Released in 2021, this handheld unit features a built-in photogrammetry capability, 22 crossed blue lasers, a single laser for deep pockets, 7 parallel lines for fine detail scanning on small parts, and 12 infrared parallel lasers specifically aimed at large parts.
KScan Magic can be fitted with a portable CMM probe, with point repeatability of 0.03mm, allowing users to measure holes, hidden points and hard-to-access features.

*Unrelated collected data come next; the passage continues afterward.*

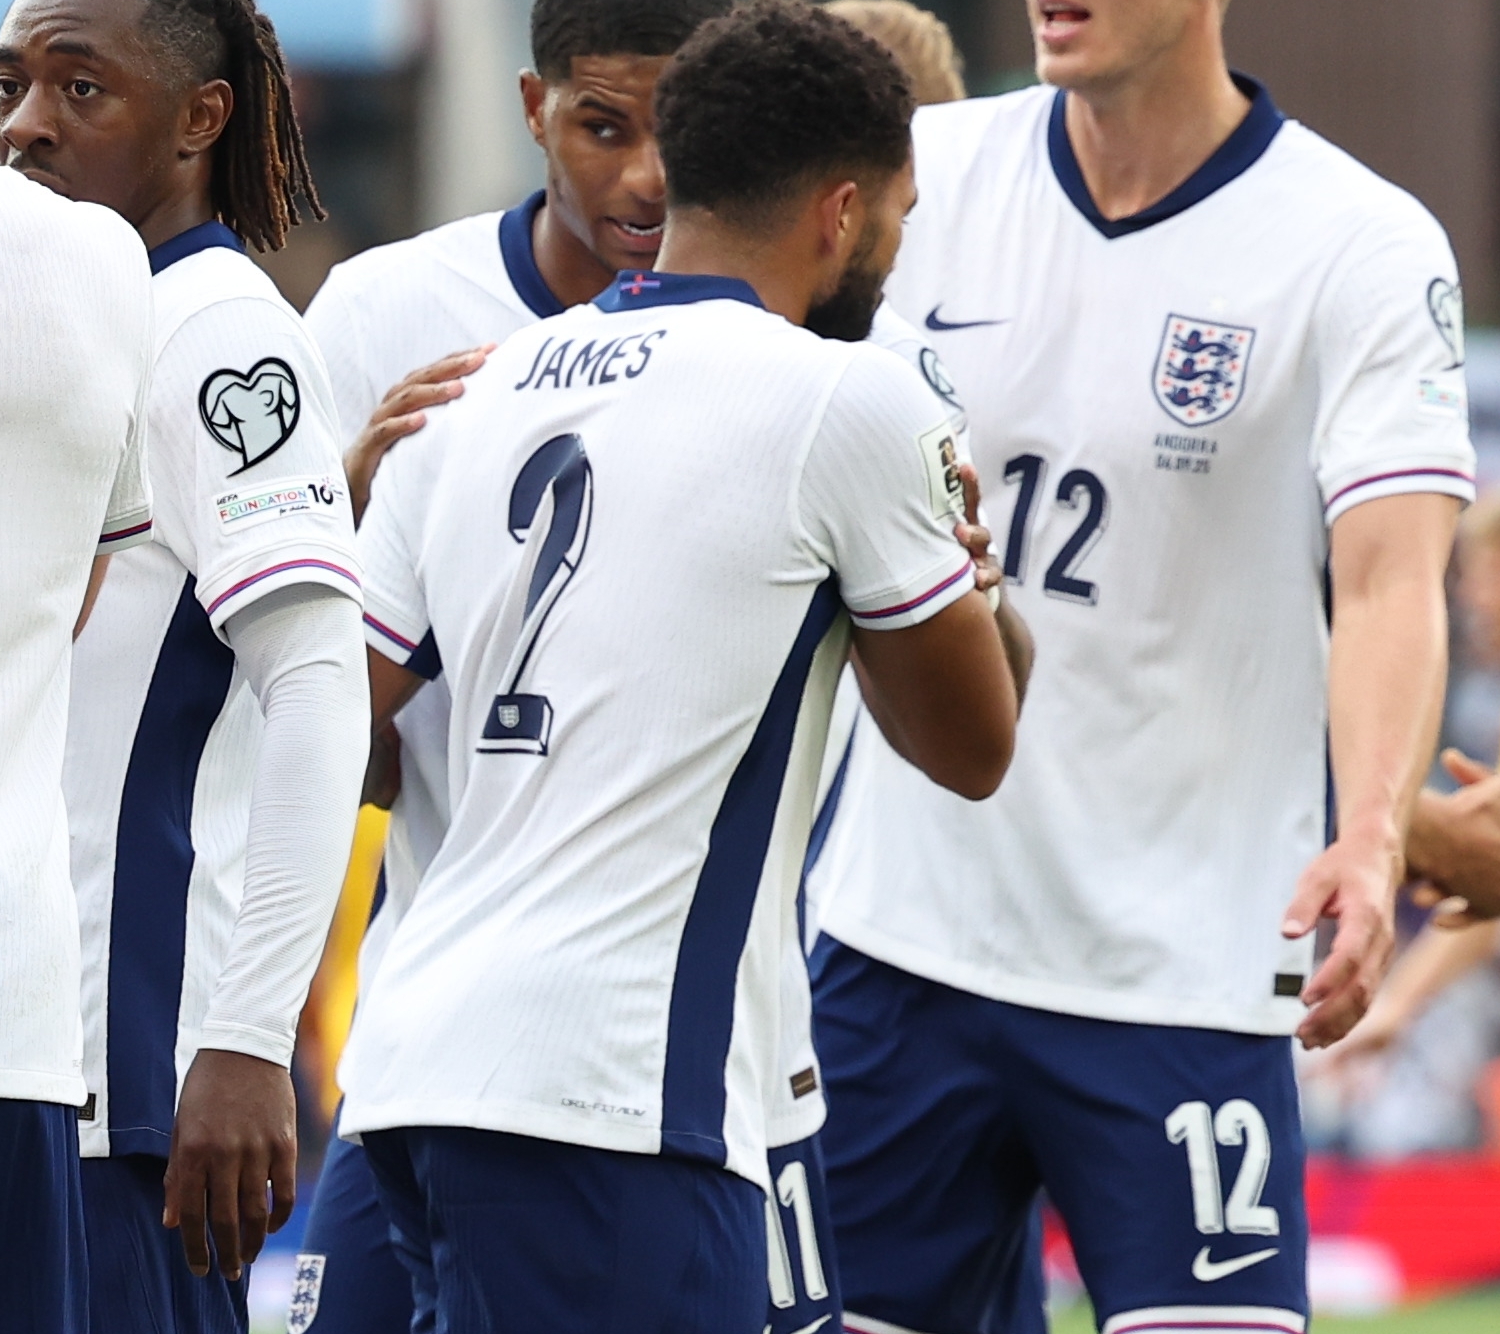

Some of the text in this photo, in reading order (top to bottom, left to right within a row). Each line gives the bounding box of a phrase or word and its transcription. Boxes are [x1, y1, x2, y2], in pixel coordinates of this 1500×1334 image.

[514, 329, 668, 393] JAMES
[216, 494, 239, 506] UEFA
[220, 490, 308, 521] FOUNDATION
[1003, 452, 1111, 605] 12
[476, 433, 594, 756] 2
[1164, 1098, 1280, 1237] 12
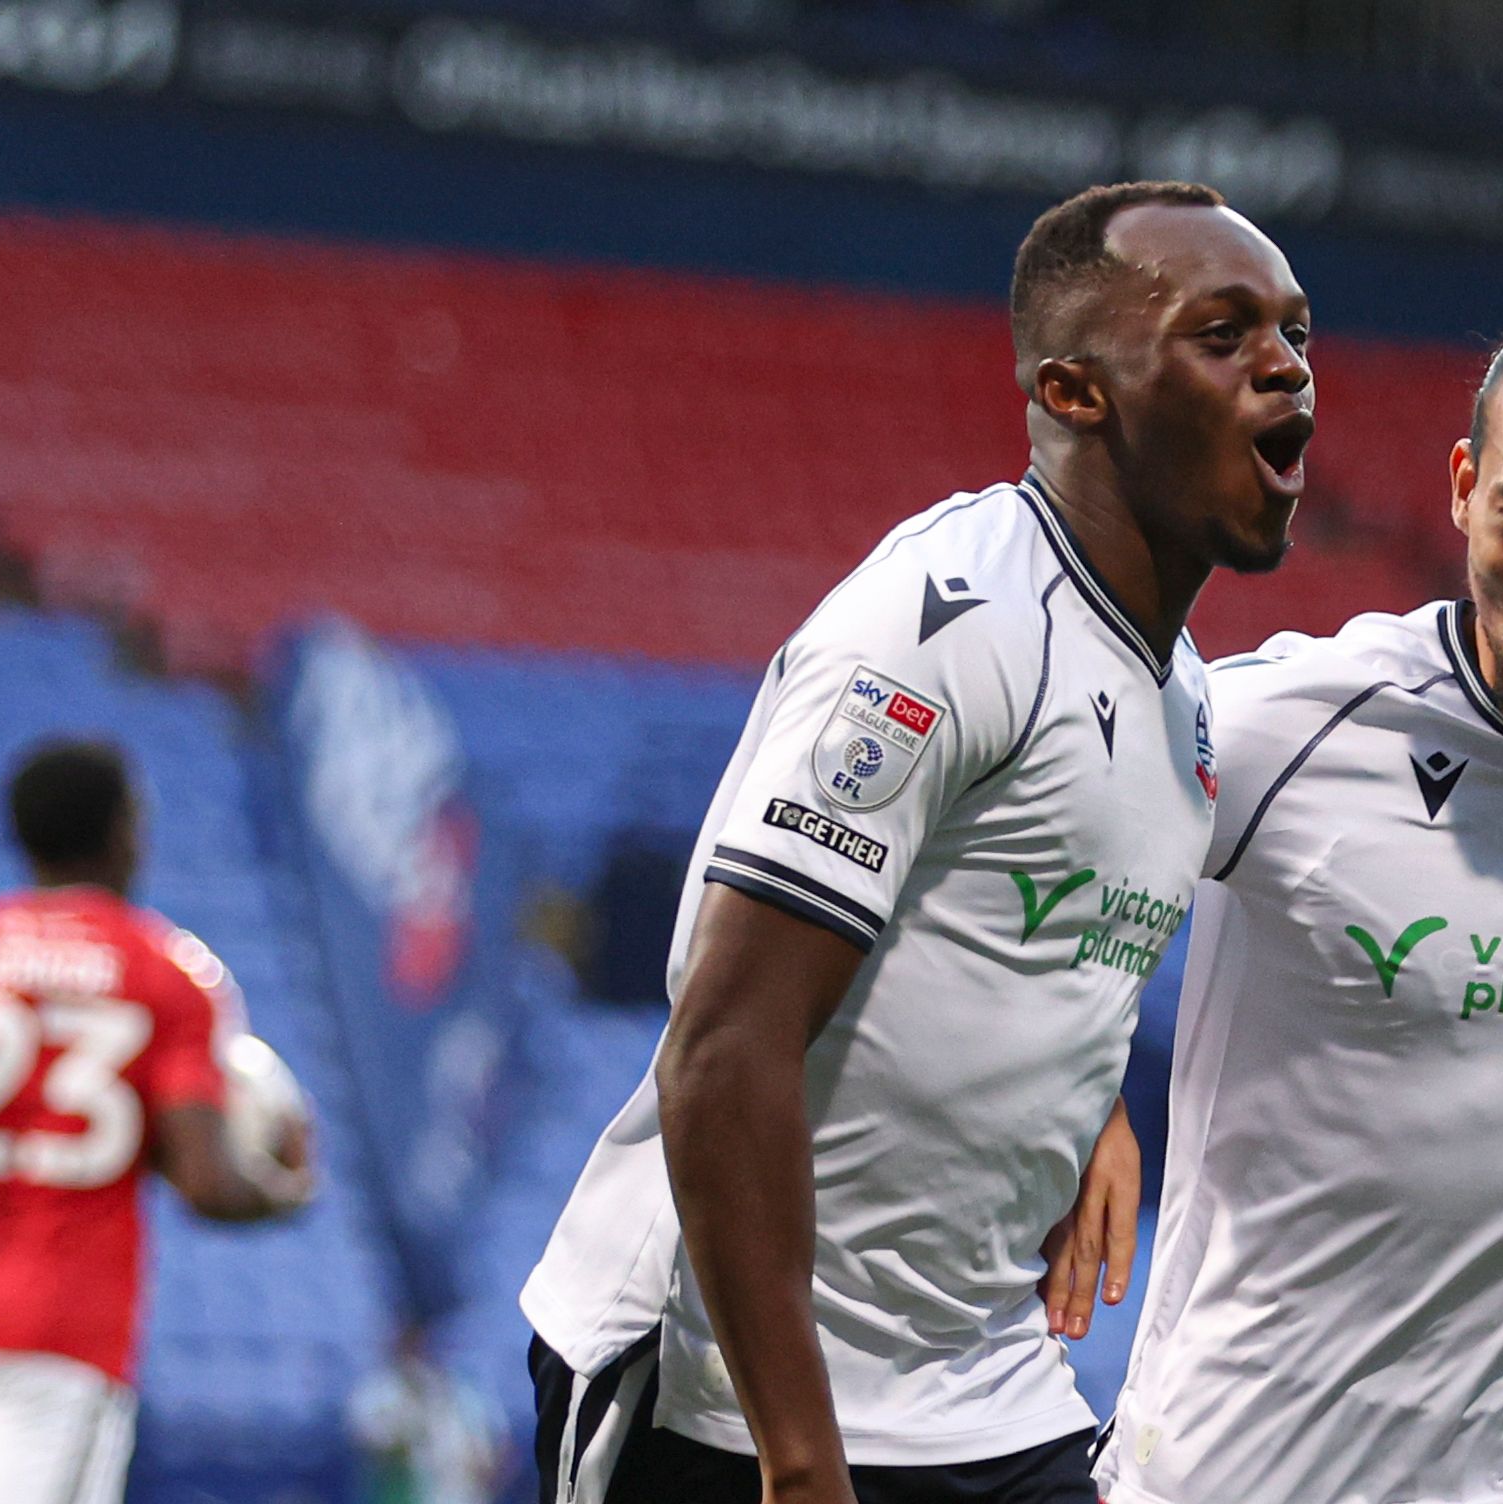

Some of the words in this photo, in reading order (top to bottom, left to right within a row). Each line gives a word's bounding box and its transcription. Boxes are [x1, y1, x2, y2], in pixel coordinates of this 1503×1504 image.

[844, 702, 891, 734] LEAGUE
[893, 727, 922, 750] ONE
[852, 678, 890, 707] sky
[892, 694, 929, 728] bet
[832, 771, 861, 800] EFL

The HandySCAN Silver Series comes in two models: the 307 and the 700. The 307 offers accuracy down to 0.04mm and a resolution of 0.1 mm. The 700 offers accuracy down to 0.03mm and resolution of 0.05mm.
HandyScan 3D Silver features seven red laser crosses, which allow scanning in most light situations and of most materials, including dark and reflective ones. Thanks to in-built optical reflectors, it can triangulate positions, so there is no need for external tracking or targets.

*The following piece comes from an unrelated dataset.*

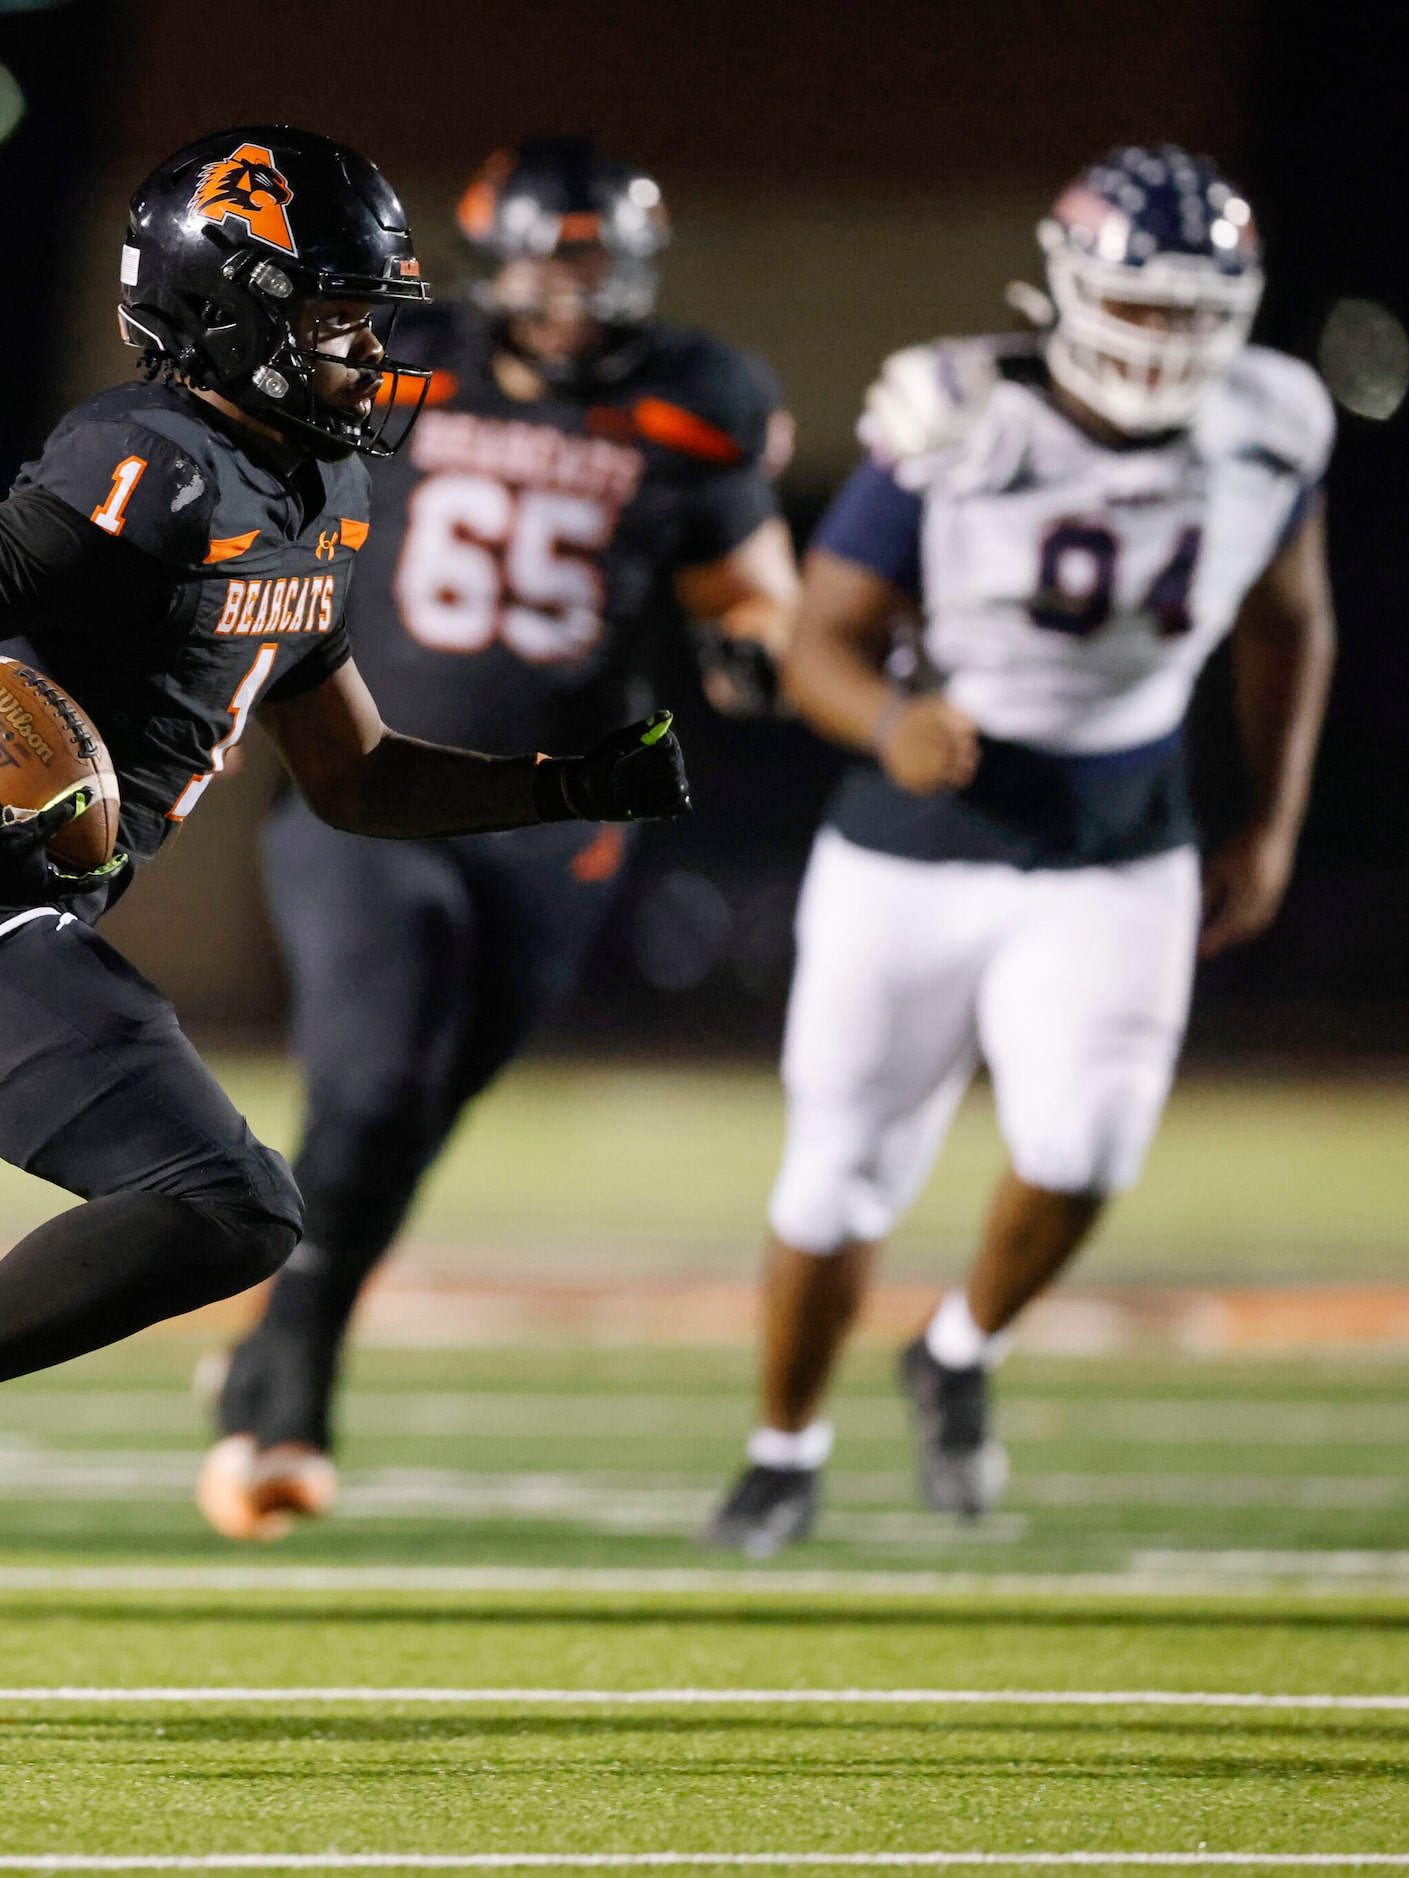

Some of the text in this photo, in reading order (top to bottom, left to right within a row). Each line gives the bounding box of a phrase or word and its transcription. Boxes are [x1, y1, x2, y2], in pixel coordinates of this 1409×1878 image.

[90, 455, 148, 536] 1
[213, 575, 334, 635] BEARCATS
[397, 470, 618, 663] 65
[164, 642, 279, 822] 1

Go!Scan is Creaform’s top product in the category of handheld scanners aimed at professional users. The ergonomic design features four inline cameras for faster 3D scanning and colour acquisition. Dynamic referencing technology allows users to hold an object with positioning targets on it and move it around during scanning. Files are captured using 99 white-light scanning lines.
HandyScan 3D Black Series scanners use a laser triangulation technology with nine blue lasers in the standard model and 11 in the elite model. Weighing a featherweight 940g, the scanners have a resolution of 0.025mm. Like the Go!Scan Spark, they come equipped with Creaform’s own VXelements software to produce CAD-ready data.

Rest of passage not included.